··· DATA IN THIS EXERCISE
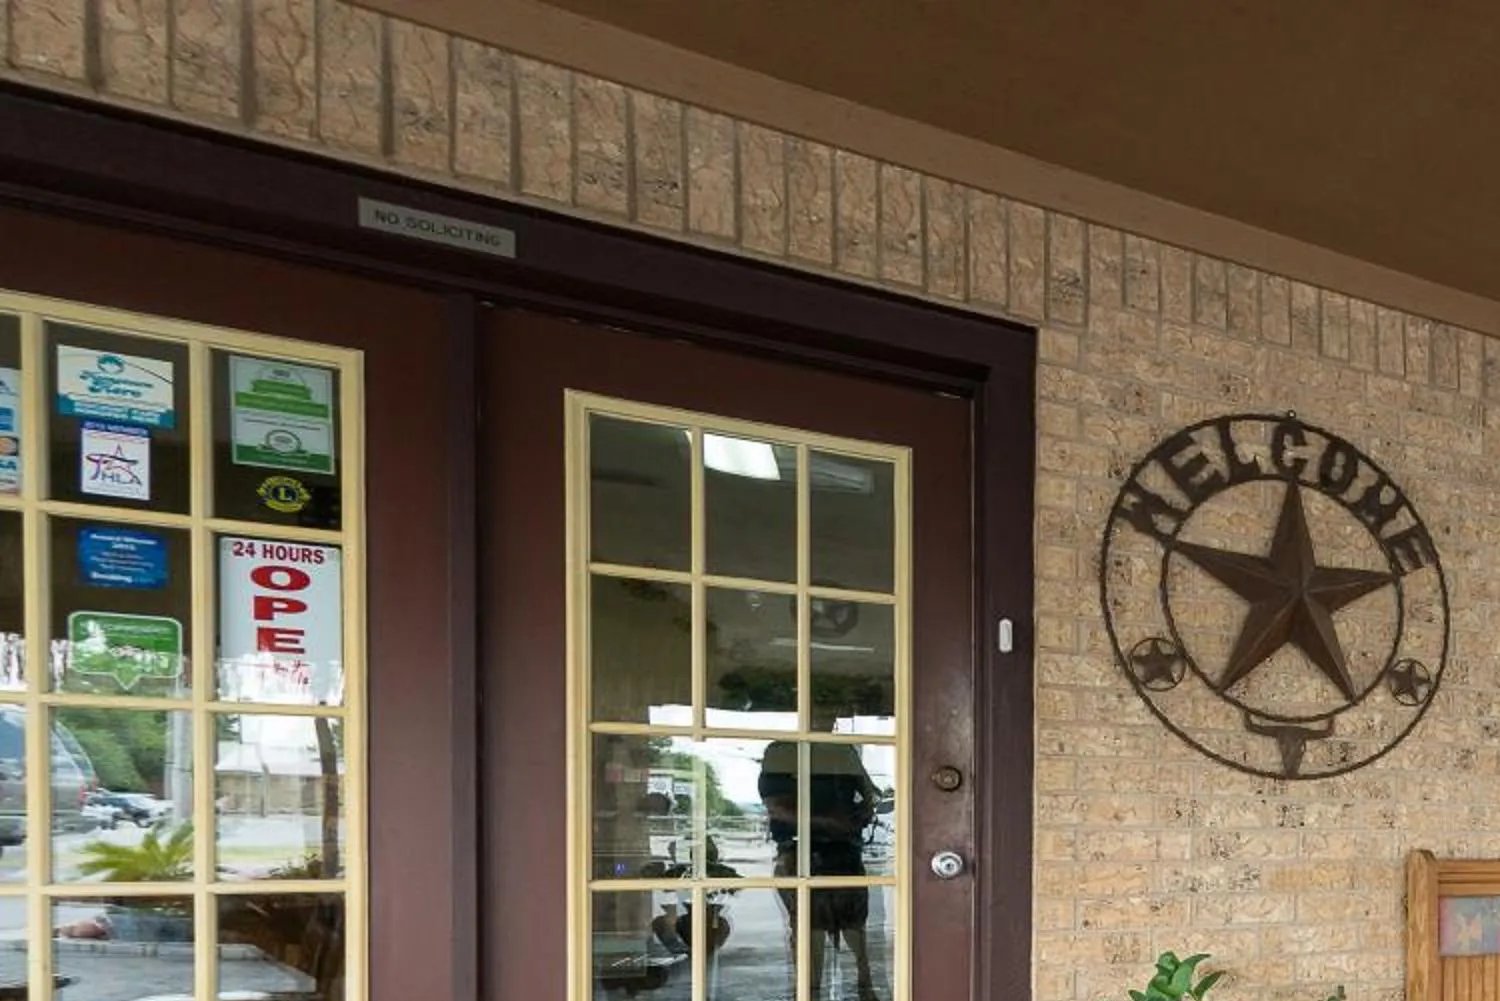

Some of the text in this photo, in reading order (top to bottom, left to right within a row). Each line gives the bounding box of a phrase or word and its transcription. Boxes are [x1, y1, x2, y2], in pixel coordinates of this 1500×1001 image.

[375, 209, 503, 247] NO SOLICITING
[1113, 415, 1440, 577] WELCOME
[232, 541, 325, 565] 24 HOURS
[250, 565, 311, 686] OPE
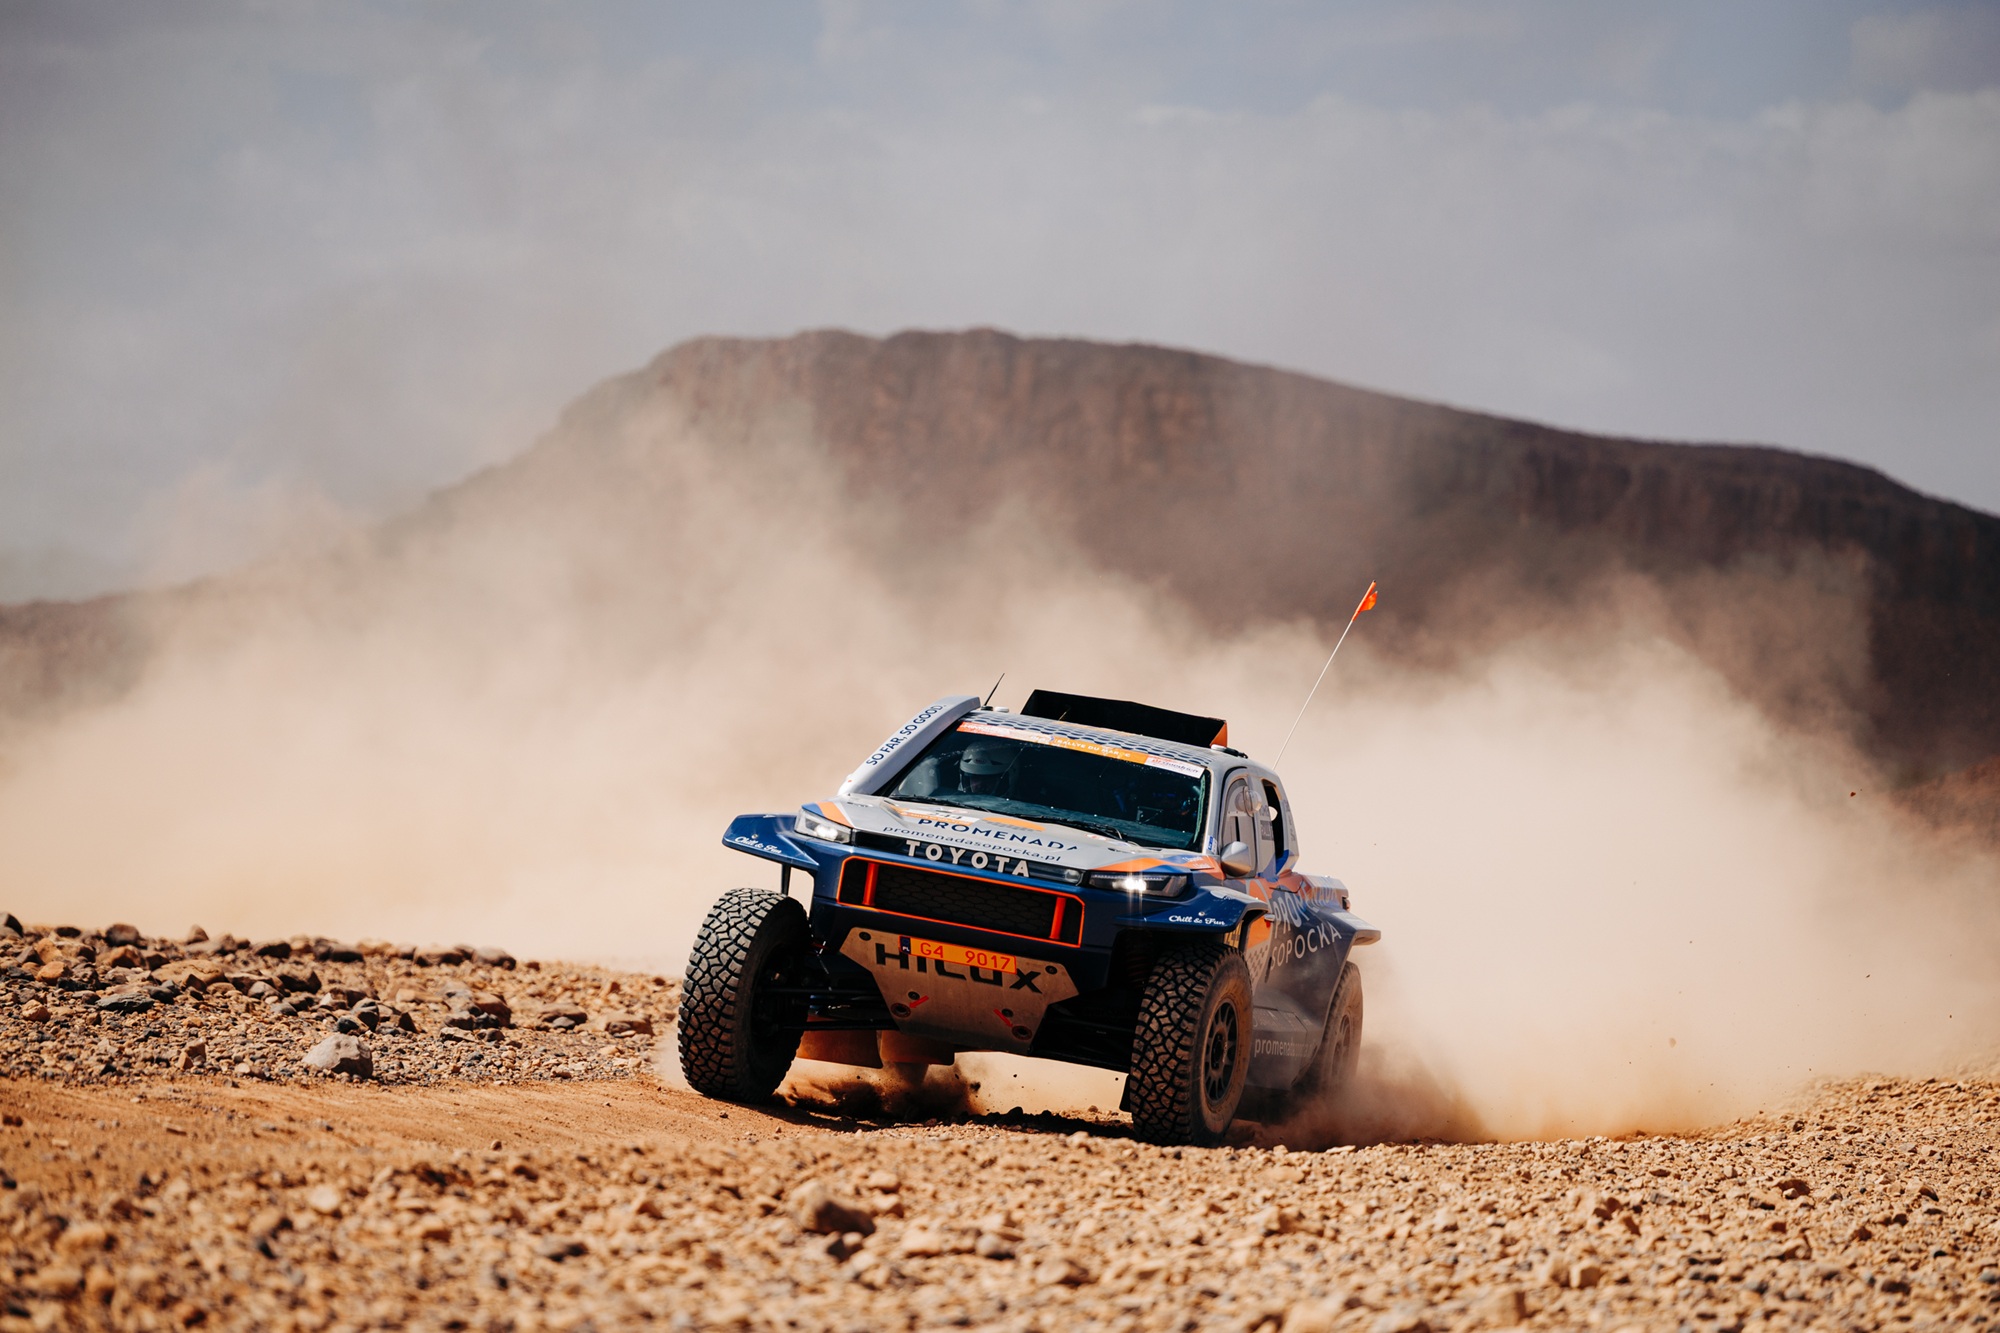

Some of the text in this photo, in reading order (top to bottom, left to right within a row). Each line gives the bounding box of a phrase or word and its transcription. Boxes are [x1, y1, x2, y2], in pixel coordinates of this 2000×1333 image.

[866, 753, 885, 766] SO
[880, 737, 907, 753] FAR,
[899, 724, 918, 736] SO
[1057, 739, 1085, 749] RALLYE
[735, 836, 758, 846] Chill
[764, 844, 782, 854] Fun
[883, 826, 1061, 862] promenadasopocka.pl
[905, 840, 1029, 878] TOYOTA
[1169, 915, 1192, 923] Chill
[1204, 918, 1226, 926] Fun
[920, 942, 1011, 970] G4 9017
[1270, 921, 1342, 970] SOPOCKA
[875, 942, 1043, 994] HILUX
······
● PROBLEM
Those lines from the one with "this 2000×1333 image." through the last line of the material above are to be retyped exactly, with nothing else.

● ANSWER FOR THE TASK
Some of the text in this photo, in reading order (top to bottom, left to right within a row). Each line gives the bounding box of a phrase or word and its transcription. Boxes are [x1, y1, x2, y2], in pixel coordinates of this 2000×1333 image.

[866, 753, 885, 766] SO
[880, 737, 907, 753] FAR,
[899, 724, 918, 736] SO
[1057, 739, 1085, 749] RALLYE
[735, 836, 758, 846] Chill
[764, 844, 782, 854] Fun
[883, 826, 1061, 862] promenadasopocka.pl
[905, 840, 1029, 878] TOYOTA
[1169, 915, 1192, 923] Chill
[1204, 918, 1226, 926] Fun
[920, 942, 1011, 970] G4 9017
[1270, 921, 1342, 970] SOPOCKA
[875, 942, 1043, 994] HILUX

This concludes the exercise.